The very first day that I received respite services, I went to my room and collapsed on the bed – head first. I went to sleep immediately and was out for hours! But let’s back track to see how I got there. My son was three years old at the time. He had just received his Autism diagnosis. He was nonverbal with frequent tantrums and meltdowns, which makes sense when you think about it. Not being able to communicate comes with a heavy dose of frustration! In addition to a constant attack of tantrums, my son was totally oblivious to issues of safety. For example, since he did not communicate, his first mode of operation was to get what he wanted by himself. This meant climbing on top of anything, no matter how high, to reach his desired object/food/whatever. Needless to say, I was on alert ALL OF THE TIME! Even when he was sleeping, I still had to keep one eye open, just in case. All this time, I am saying I – not mentioning the fact that my husband was also experiencing the fast-paced, alert all the time, not getting sleep routine. The only difference was, my husband worked outside of the home. I saw this as his opportunity to escape, even if it was to work. I, on the other hand, had stopped working to stay home and take care of my son. Since I had experience as an Autism Inclusion Specialist and Behavior Therapist, I had tools and techniques that I could rely on. While those things helped with his development, I still needed help for me.
I was in action mode all the time. I did not have family nearby and did not have any friends who could watch him. Another parent referred me to a respite worker that she used. I called immediately to interview her and see how she interacted with my son. She was great and respite started on the weekend.
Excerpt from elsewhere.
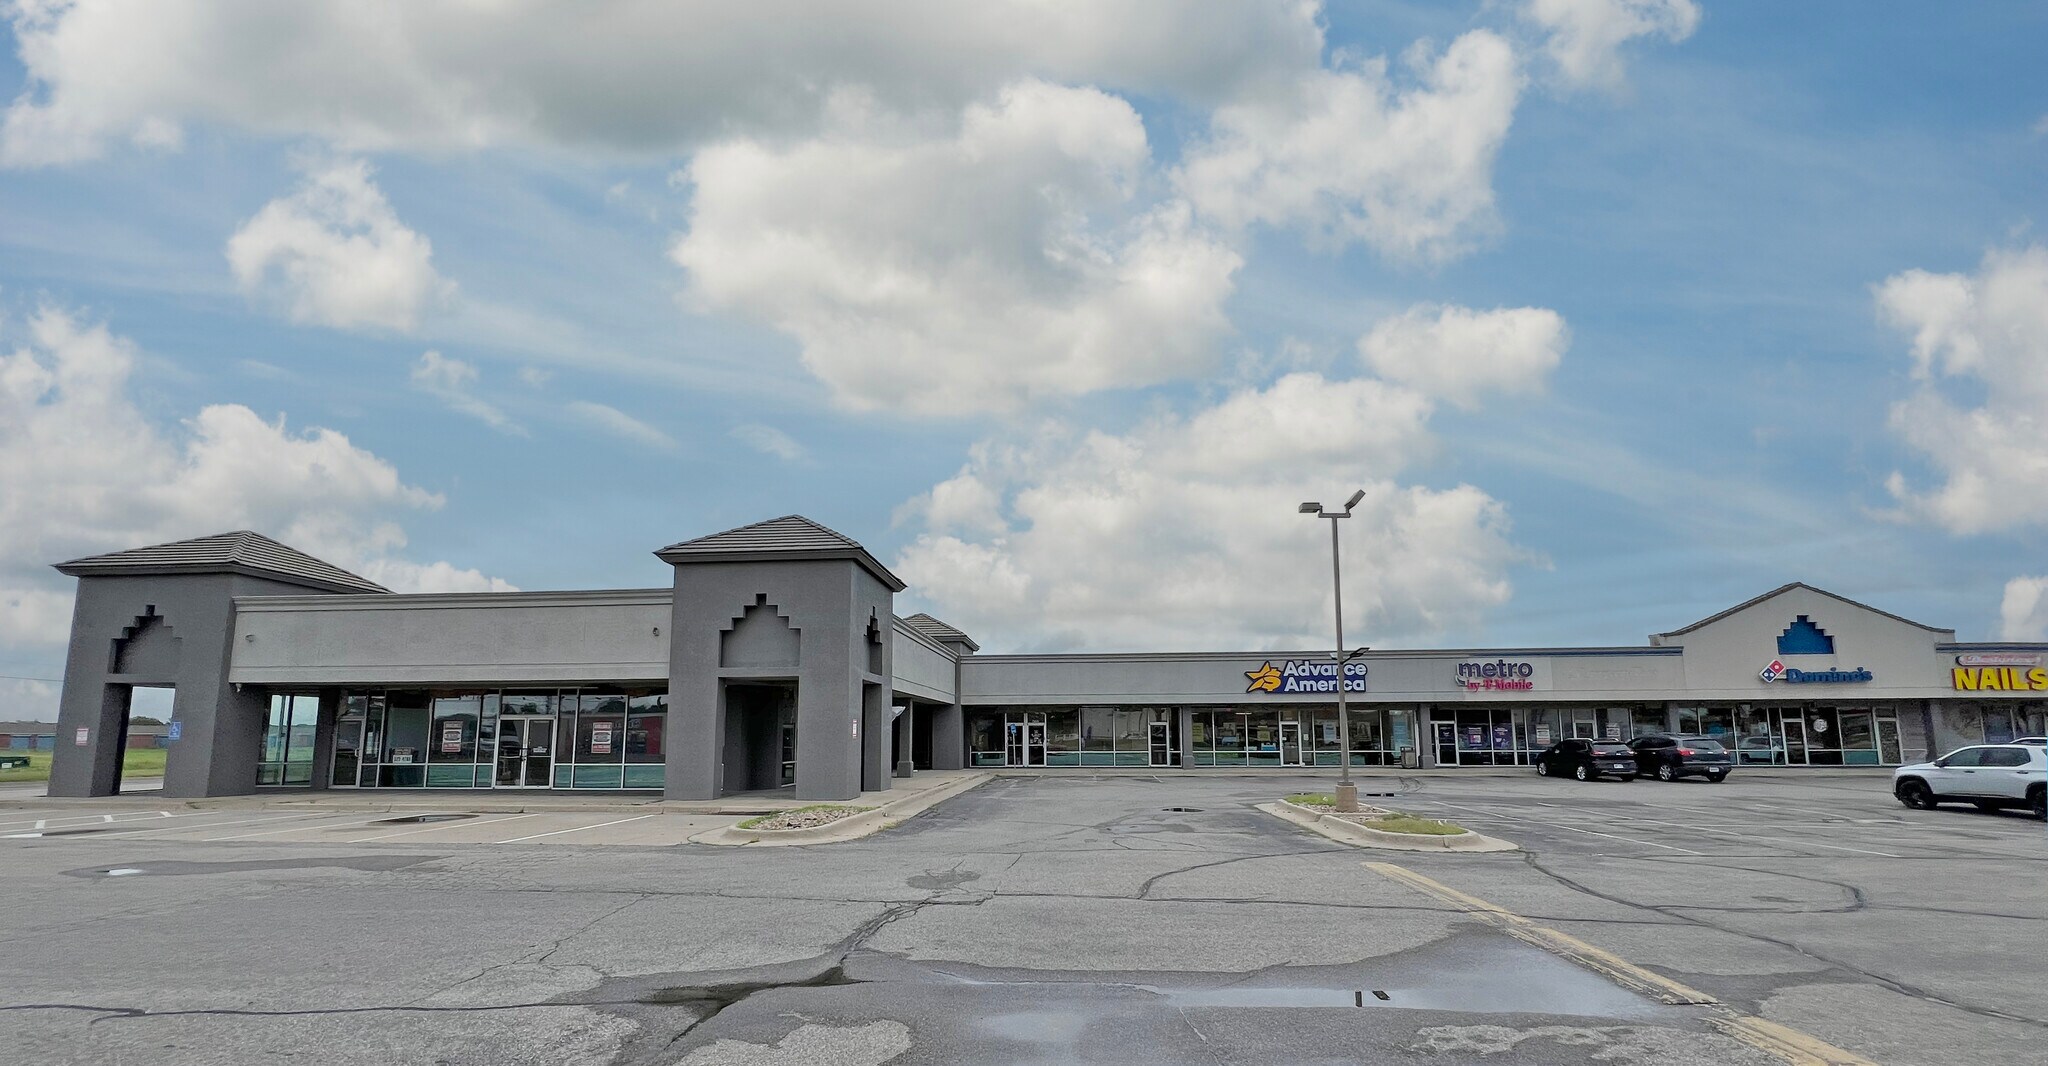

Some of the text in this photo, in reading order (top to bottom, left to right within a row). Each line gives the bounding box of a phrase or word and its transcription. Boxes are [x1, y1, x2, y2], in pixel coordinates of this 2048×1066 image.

[1458, 659, 1533, 678] metro
[1786, 667, 1873, 682] Domino's
[1953, 667, 2048, 690] NAILS
I actually did not know just how tired I was until the moment I could walk down the hallway and turn my brain off as I collapsed into the bed! It was then that I realized the absolute necessity of self-care. Sometimes, you are on auto-pilot and don’t even know that your leg is broken. You don’t notice the swelling and the fact that you are walking with a limp. All you can think of is to keep going.
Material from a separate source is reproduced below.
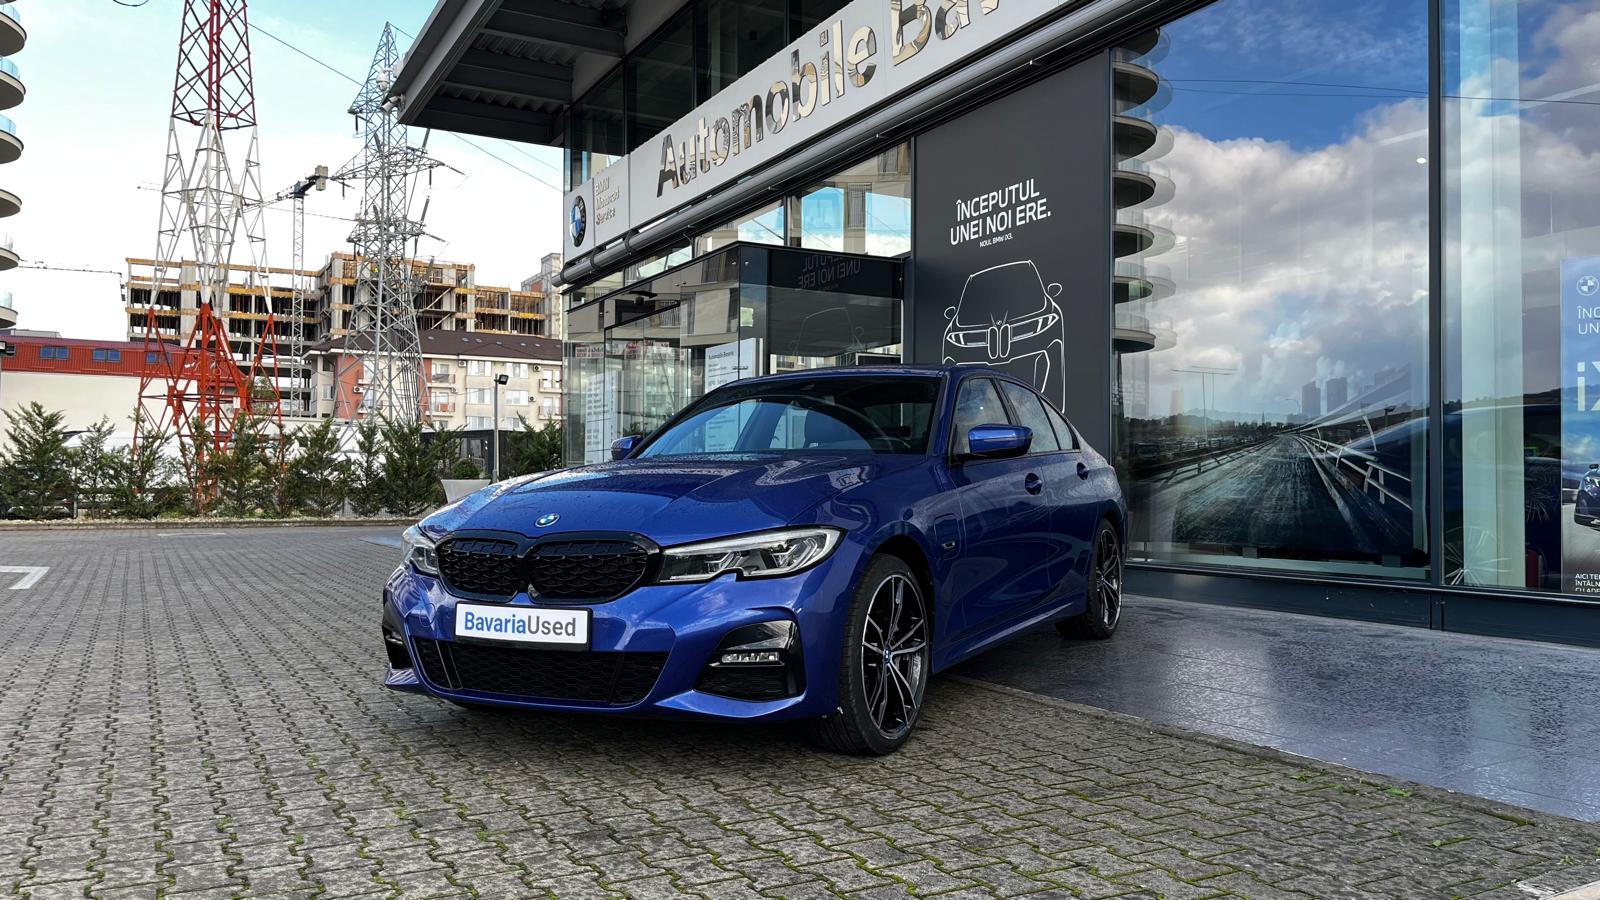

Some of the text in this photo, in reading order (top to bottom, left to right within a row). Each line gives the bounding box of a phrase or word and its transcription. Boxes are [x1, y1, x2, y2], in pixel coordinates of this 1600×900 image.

[656, 0, 999, 198] Automobile Ba
[950, 198, 1051, 245] UNEI NOI ERE.
[956, 178, 1040, 222] ÎNCEPUTUL
[464, 611, 576, 637] BavariaUsed
As parents who love our children and who would do absolutely anything for them – hear this now. The most important thing that you can do is take care of you! Remember how the flight attendant tells you to put your oxygen mask on first? Same thing here! You can’t help if you are passed out. Your oxygen mask is other people giving you a break; other people doing things for you when your plate is full; other people holding you up when you are tired. Basically, other people are crucial to experience true respite. I know it’s hard to find someone you trust with your precious one. However, find someone through referral. Ask other parents who they use and try it! I know of many parents who have been awarded respite hours, but do not use them. Please, please – USE YOUR RESPITE! It will be the best gift that you could possibly give to yourself! And you are most definitely worth it!